In the acquisition of a closely held corporation, it is often important for the business buyers and sellers to allocate the total enterprise value between (1) the closely held company-owned entity goodwill and (2) the individual selling shareholder/employee’s personal goodwill.
This value/transaction price allocation has income tax implications both to the acquirer corporation and to the target company selling shareholder/employees.
Perhaps more important, this allocation may affect how the total business enterprise purchase price is allocated between (1) any nonemployee selling shareholders and (2) any employee selling shareholders.
This is because the nonemployee selling shareholders only receive their pro rata allocation of the target company stock value.

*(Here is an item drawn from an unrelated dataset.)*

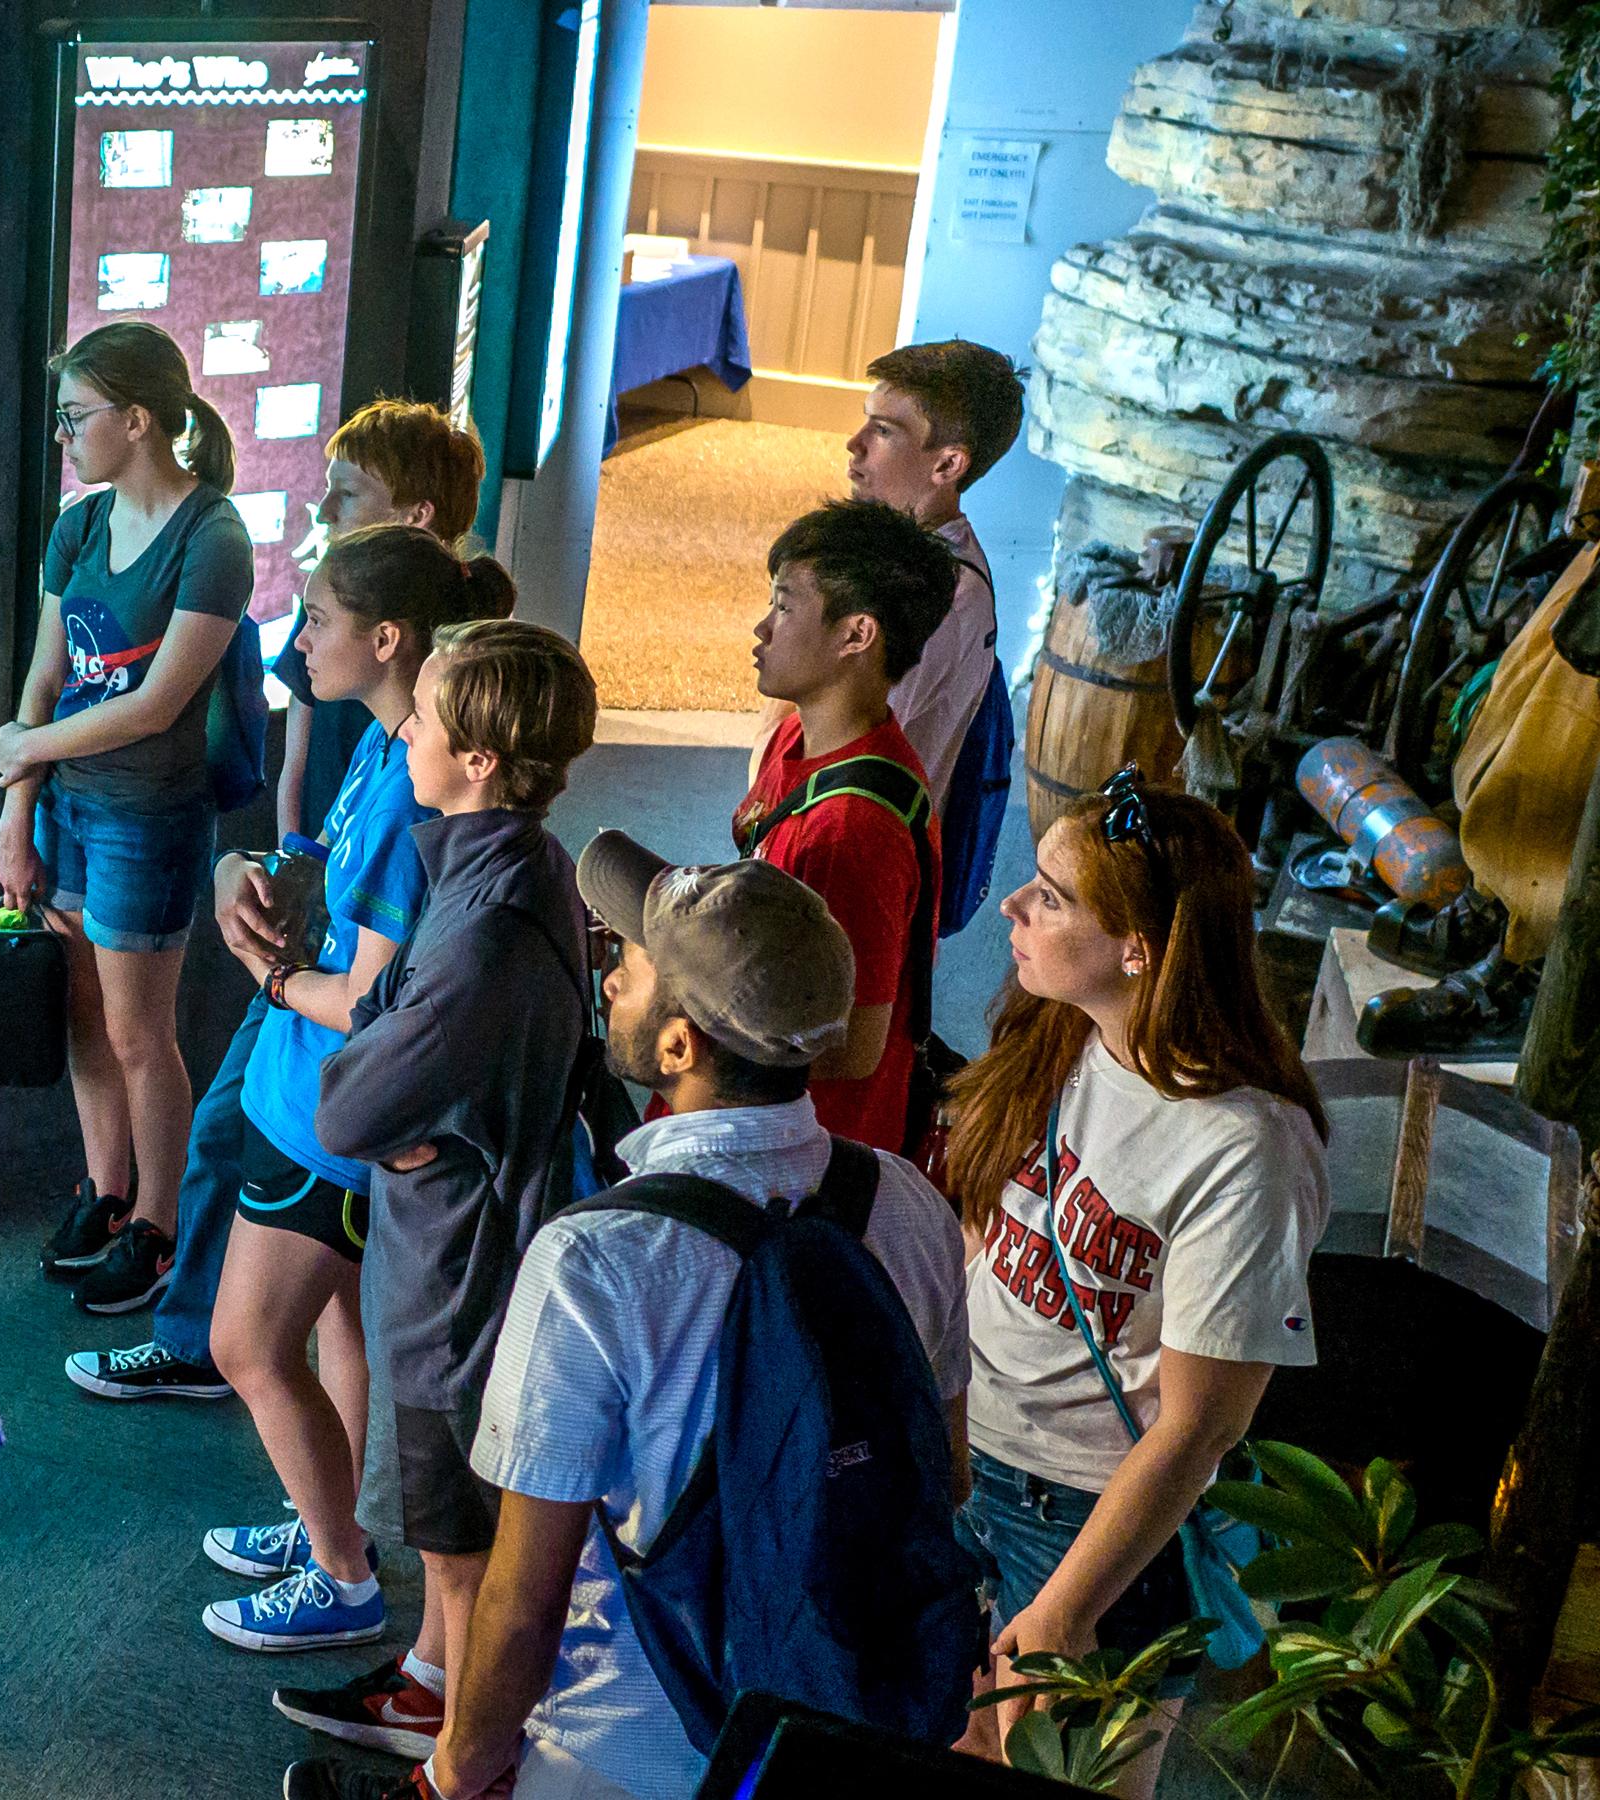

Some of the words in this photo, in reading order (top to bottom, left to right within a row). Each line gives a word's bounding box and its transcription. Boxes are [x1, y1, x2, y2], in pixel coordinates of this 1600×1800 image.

In addition to this pro rata sale price distribution, the selling employee/shareholders may also receive additional consideration as payment for personal goodwill.
In general, the sale of a closely held C corporation through an asset sale structure will result in two levels of income tax: (1) a taxable gain to the corporation itself, and (2) a taxable distribution to the selling shareholders.
One strategy for closely held corporation shareholders to avoid this double taxation involves the assertion that a portion of the business sale relates to the sale of the personal goodwill of the shareholder/employee.
This paper summarizes the analyst’s considerations with regard to the elements of, the separability of, and the documentation of a selling shareholder/employee’s personal goodwill and utilizes several key Tax Court decisions as illustration.
The primary requirement related to personal goodwill is for the business owner to establish that his or her personal goodwill exists separate from any closely held corporation’s entity goodwill.
Personal goodwill is property with a value dependent solely on the personal characteristics of the individual business owner.
A second requirement for the existence of personal goodwill is that the individual shareholder possess the right to sell his or her goodwill. And, the shareholder cannot have previously transferred that personal goodwill to the corporation.
Tax Court precedent establishes that personal goodwill is transferred to a corporation when the individual shareholder/employee cannot personally benefit from it without the employer corporation.
Certain formalities and documentation will help support the taxpayer positions taken with respect to personal goodwill. Personal goodwill should be valued by an independent valuation analyst, clearly identifiable in the purchase agreement, and agreed to by the acquirer.